Sentinelli fit quelques pas vers la porte, puis, se retournant soudain, se précipita aux pieds de la reine.

— Madame, Madame, s’écria-t-il, pardonnez-moi ! Mais c’est le profond attachement que je porte à Votre Majesté, c’est le souci de votre bonheur qui m’ont poussé.

Christine, avec mépris, retira sa jupe dont Sentinelli avait saisi les plis.

— Je sais. Tu es, dis-tu, amoureux de moi. Mais ne vois-tu pas, misérable, que ton soi-disant amour m’offense et me dégoûte ? Peux-tu entretenir le moindre espoir de supplanter un rival dont tu sembles le valet ?

Sentinelli se redressa, pâle, la lèvre sarcastique.

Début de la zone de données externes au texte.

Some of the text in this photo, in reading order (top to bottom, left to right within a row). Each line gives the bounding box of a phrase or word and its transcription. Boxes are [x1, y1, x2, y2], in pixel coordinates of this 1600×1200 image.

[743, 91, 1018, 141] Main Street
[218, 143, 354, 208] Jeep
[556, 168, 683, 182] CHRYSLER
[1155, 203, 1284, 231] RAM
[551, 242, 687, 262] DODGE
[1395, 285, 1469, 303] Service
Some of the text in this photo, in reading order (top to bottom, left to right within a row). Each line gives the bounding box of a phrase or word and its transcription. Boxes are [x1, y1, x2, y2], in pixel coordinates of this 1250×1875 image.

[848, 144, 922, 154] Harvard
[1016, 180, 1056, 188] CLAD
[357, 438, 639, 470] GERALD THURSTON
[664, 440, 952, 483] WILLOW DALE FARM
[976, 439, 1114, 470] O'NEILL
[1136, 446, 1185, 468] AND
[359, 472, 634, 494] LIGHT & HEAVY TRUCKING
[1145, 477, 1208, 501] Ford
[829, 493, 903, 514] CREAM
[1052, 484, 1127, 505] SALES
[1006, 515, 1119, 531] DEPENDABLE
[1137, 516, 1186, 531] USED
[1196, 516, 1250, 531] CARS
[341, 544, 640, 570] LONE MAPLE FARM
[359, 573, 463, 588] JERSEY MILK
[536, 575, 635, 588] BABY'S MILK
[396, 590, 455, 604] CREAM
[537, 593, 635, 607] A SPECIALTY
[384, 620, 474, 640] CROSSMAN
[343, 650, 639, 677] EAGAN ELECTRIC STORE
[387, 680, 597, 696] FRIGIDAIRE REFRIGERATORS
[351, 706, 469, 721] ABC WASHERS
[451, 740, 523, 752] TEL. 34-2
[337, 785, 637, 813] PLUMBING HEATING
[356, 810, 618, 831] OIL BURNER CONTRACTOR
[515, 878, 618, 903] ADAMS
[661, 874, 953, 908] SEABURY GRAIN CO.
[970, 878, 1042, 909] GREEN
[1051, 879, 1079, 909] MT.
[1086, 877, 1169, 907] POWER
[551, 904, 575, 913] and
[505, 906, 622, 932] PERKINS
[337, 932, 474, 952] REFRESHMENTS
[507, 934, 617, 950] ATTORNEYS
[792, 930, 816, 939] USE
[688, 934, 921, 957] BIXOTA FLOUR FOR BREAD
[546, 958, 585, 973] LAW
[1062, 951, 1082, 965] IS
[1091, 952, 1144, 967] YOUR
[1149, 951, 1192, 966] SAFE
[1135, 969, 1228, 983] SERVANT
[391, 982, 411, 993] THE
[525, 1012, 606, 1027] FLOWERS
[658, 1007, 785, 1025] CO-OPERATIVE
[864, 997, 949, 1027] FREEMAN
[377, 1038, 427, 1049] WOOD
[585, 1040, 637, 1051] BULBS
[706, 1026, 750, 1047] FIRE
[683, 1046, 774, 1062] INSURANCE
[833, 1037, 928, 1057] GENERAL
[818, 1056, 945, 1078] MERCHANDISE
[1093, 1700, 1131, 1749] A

— Je n’ai aucun espoir, Madame, sauf celui de ne pas vous laisser jouer par un coquin sans scrupules qui abuse depuis trop longtemps de votre confiance et de votre bonté.

— Que veux-tu dire encore ? Ne m’as-tu pas assez torturée ?

— Lisez, Madame.

Et il déposa sur la table une liasse de lettres dont l’une était ouverte. Les yeux de la reine tombèrent sur cette phrase, de l’écriture de Rinaldo : « Quelle volupté d’oublier dans vos beaux bras d’albâtre la carcasse noire et poilue à laquelle je suis rivé !… ».

— Ces lettres, poursuivit rapidement Sentinelli, sont adressées à une dame romaine qui, s’apercevant de l’indignité du Sire, vient de rompre avec lui et les renvoie pour les lui rendre !

Mais Christine ne semblait pas entendre, les doigts crispés sur la lettre. Ses yeux étincelaient. De pâle elle était devenue livide. Tout son corps tremblait. Elle semblait respirer avec peine.

Enfin elle se leva, jeta la lettre par terre, la piétina avec rage puis se dirigeant lentement vers la fenêtre en titubant, s’y appuya les mains aux tempes.